- ASSIGNED TASK -
Pictures are not part of the copy; retype all the records below exactly.

Start of GIVEN RECORDS

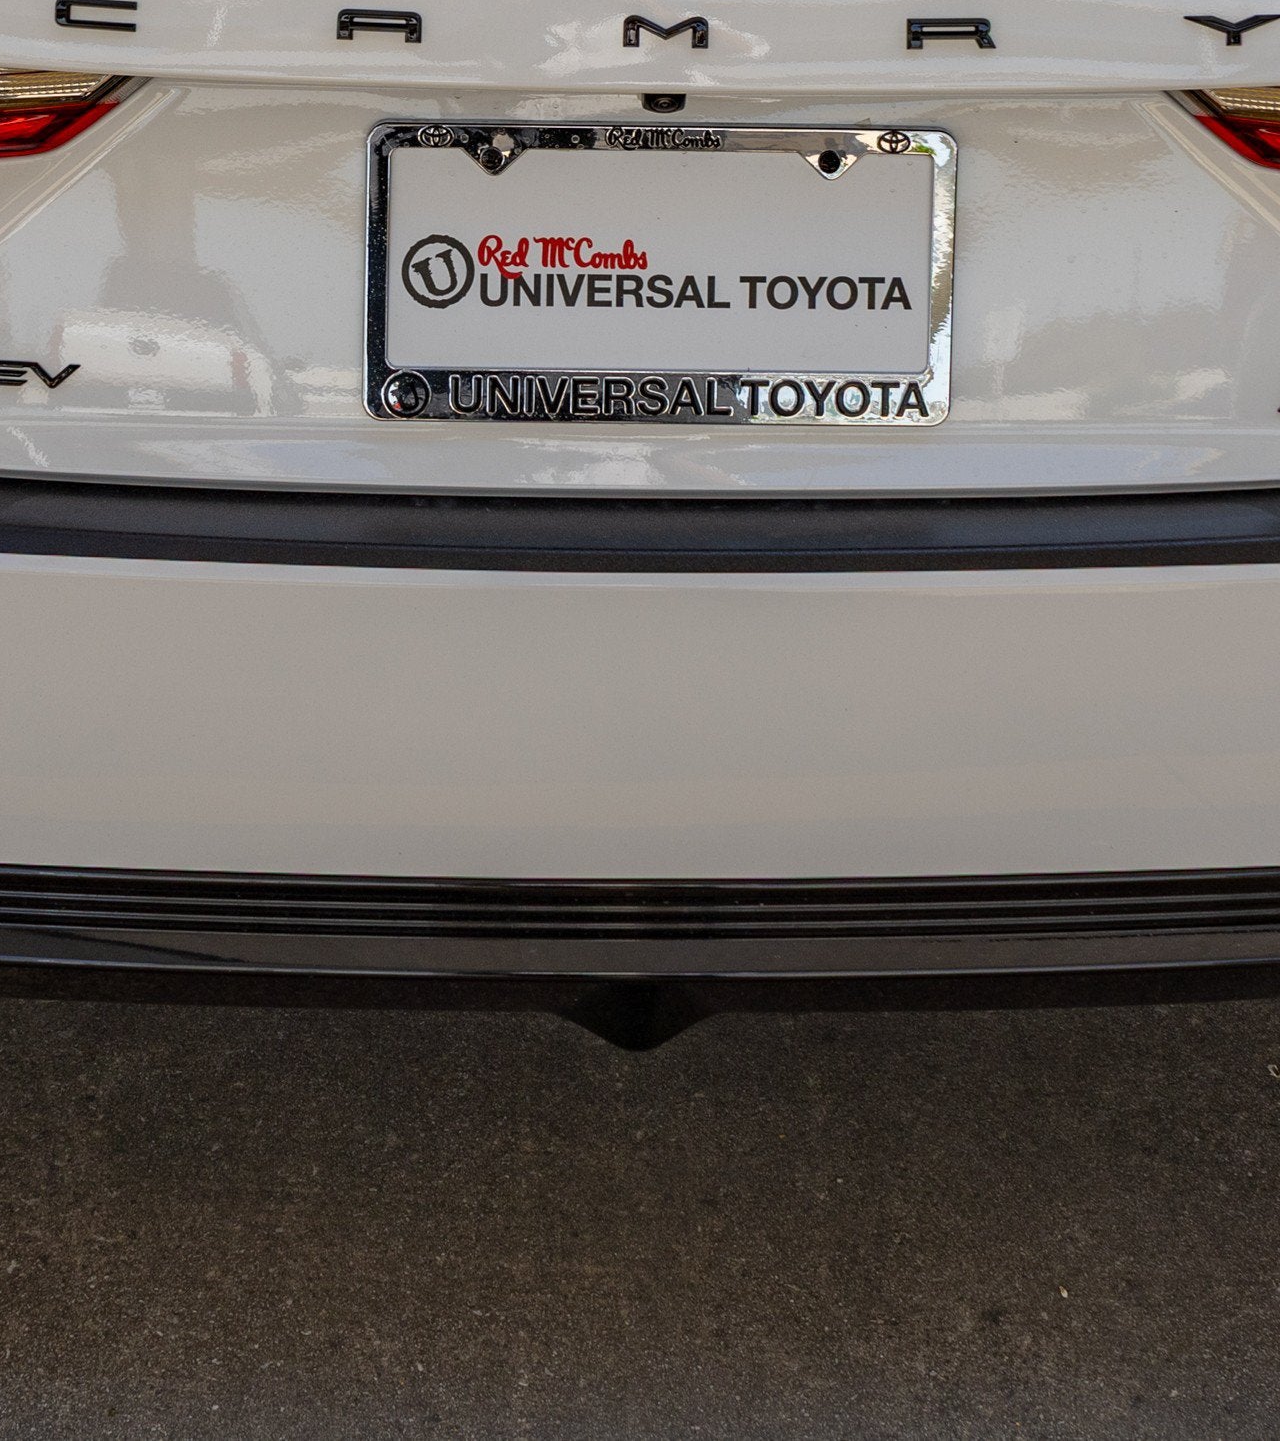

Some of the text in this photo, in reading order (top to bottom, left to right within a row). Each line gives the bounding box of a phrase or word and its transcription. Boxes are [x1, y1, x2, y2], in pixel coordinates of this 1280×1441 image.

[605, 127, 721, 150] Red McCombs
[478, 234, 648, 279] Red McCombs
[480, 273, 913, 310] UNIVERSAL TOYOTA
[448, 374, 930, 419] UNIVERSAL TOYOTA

End of GIVEN RECORDS

- TASK ANSWER -
Some of the text in this photo, in reading order (top to bottom, left to right within a row). Each line gives the bounding box of a phrase or word and its transcription. Boxes are [x1, y1, x2, y2], in pixel coordinates of this 1280×1441 image.

[605, 127, 721, 150] Red McCombs
[478, 234, 648, 279] Red McCombs
[480, 273, 913, 310] UNIVERSAL TOYOTA
[448, 374, 930, 419] UNIVERSAL TOYOTA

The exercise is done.